Trust levels link to the depth of Americans' privacy worries. Besides the Edelman survey, the Pew study finds that Americans hold low levels of trust in the government and the business sector. They specifically associate that with data collection and monitoring. They have exceedingly low levels of confidence in the privacy and security of the records maintained in this digital age.
Noteworthy numbers of them, especially younger adults, say they've suffered privacy breaches. To Americans, privacy is important in their daily lives in a number of essential ways, the Pew survey reveals. They don't want to feel they're under surveillance all the time, and they want to share ideas and secrets with others in a way that's unobserved. Yet, they have a pervasive sense they are under constant surveillance when in public. Plus, very few feel they have a great deal of control over the data that's collected about them and how it's used. In brief, they view the trend toward surveillance and the capturing of data as inexorable.

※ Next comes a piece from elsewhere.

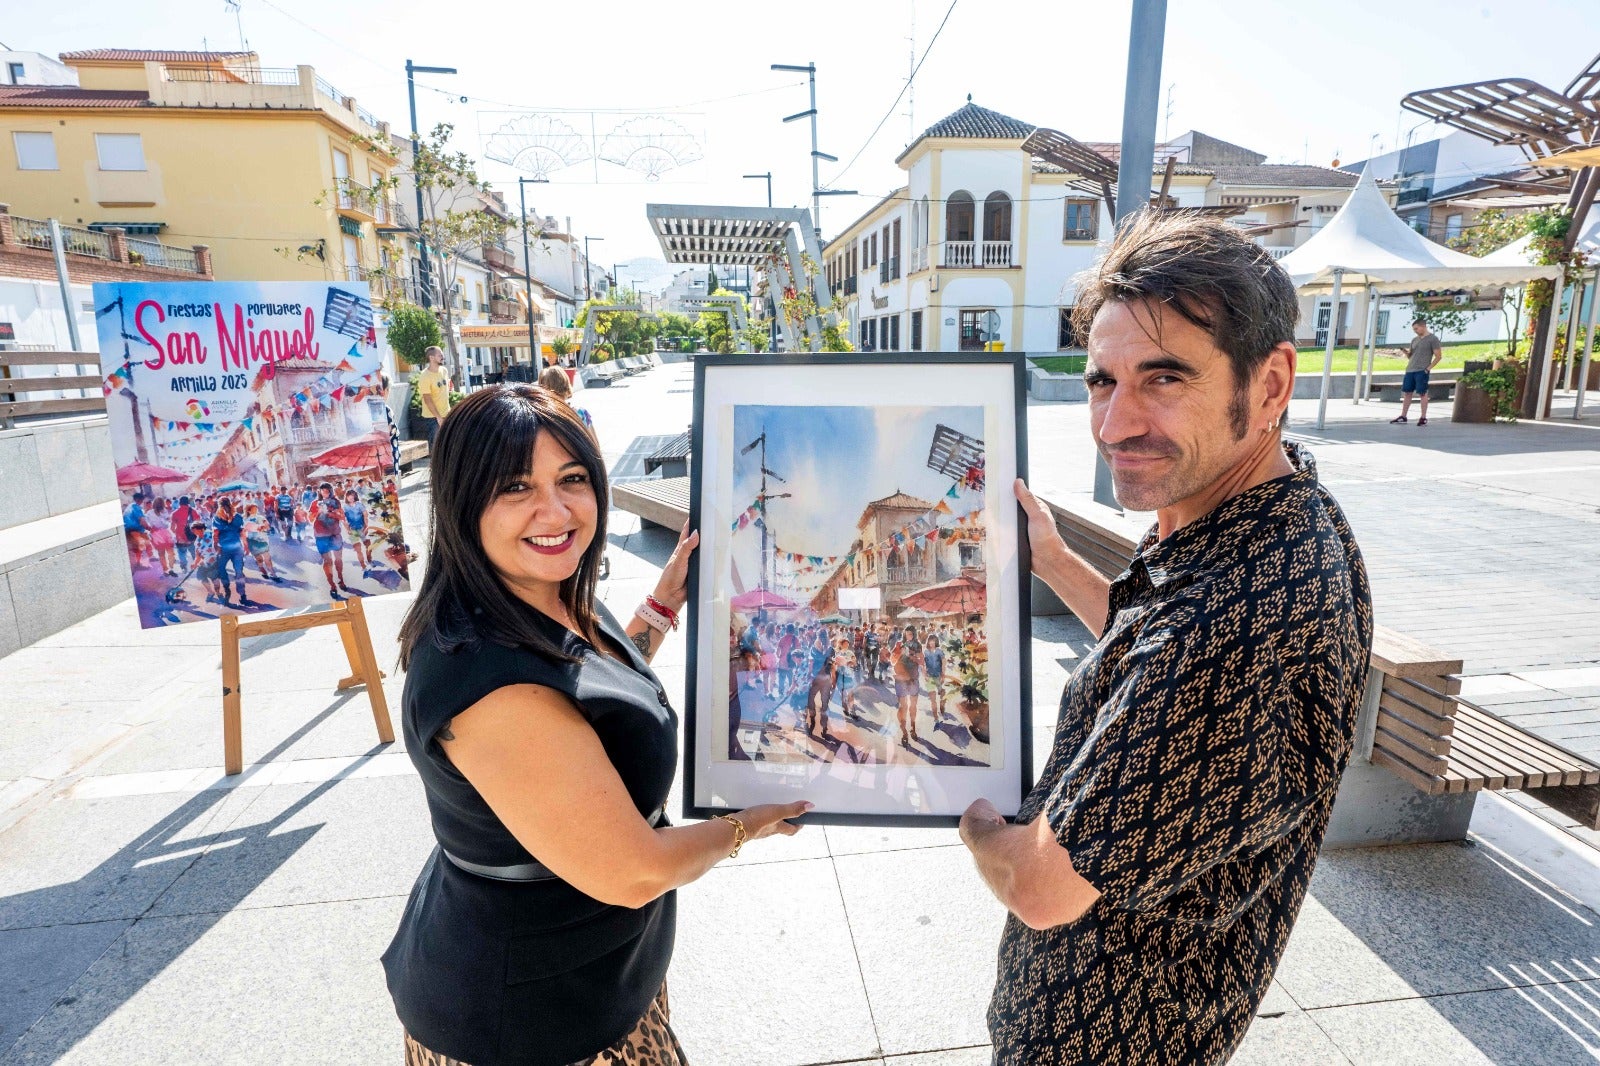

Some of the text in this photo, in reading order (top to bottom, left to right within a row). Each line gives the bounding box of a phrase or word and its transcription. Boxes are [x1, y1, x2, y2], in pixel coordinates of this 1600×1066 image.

A Troubling Crisis Landscape
This all fosters a crisis environment that we all should find troubling. Indeed, most members of focus groups that Pew researchers established to discuss privacy were downbeat about the future of privacy. Indeed, speaking for many of the older focus group members, one asserted: "The next generation will say, privacy?... What is that? Another added: "The next generation will not even understand the value of privacy."
Privacy will be a thing of the past. That's scary. Americans have always thought Communism - think Russia, China and North Korea - spelled the lack of individual privacy. Surveillance there conjures up images of gulags and worse. Democracy, on the other hand, has long defined liberty - as well as the freedom of thought and speech and the ability to engage in political activity.
Certainly, our form of government is supposed to ensure freedom against government and business abuses of privacy. Our personal data in the wrong hands can cause and does spark great harm. It damages that trust that is crucial in our relationships, both personal and professional.
Very simply, the loss of privacy impoverishes our culture. It threatens our inventiveness and our ability to fight tyranny, regardless of the institution generating it. Indeed, artistic and scientific innovations occur to a great extent in privacy. Privacy is a limit on power from both government and private sector companies. It defines our respect for others, and it helps us manage our reputations - and that makes possible opportunities, relationships and our future happiness.
Privacy vs. Values
At times the desire for privacy conflicts with important values. The terrorism threat has underscored that. Still, privacy should be considered so critical that even in those instances, a civilized dialogue should occur that addresses the issue from all sides. One increasing worry was expressed by a Pew focus group member, who noted, "I think privacy will be stripped away because people are permitting it - one trade at a time. The cameras for security evolve into cameras to ensure compliance. And once those are in, the next thing is easier to get in.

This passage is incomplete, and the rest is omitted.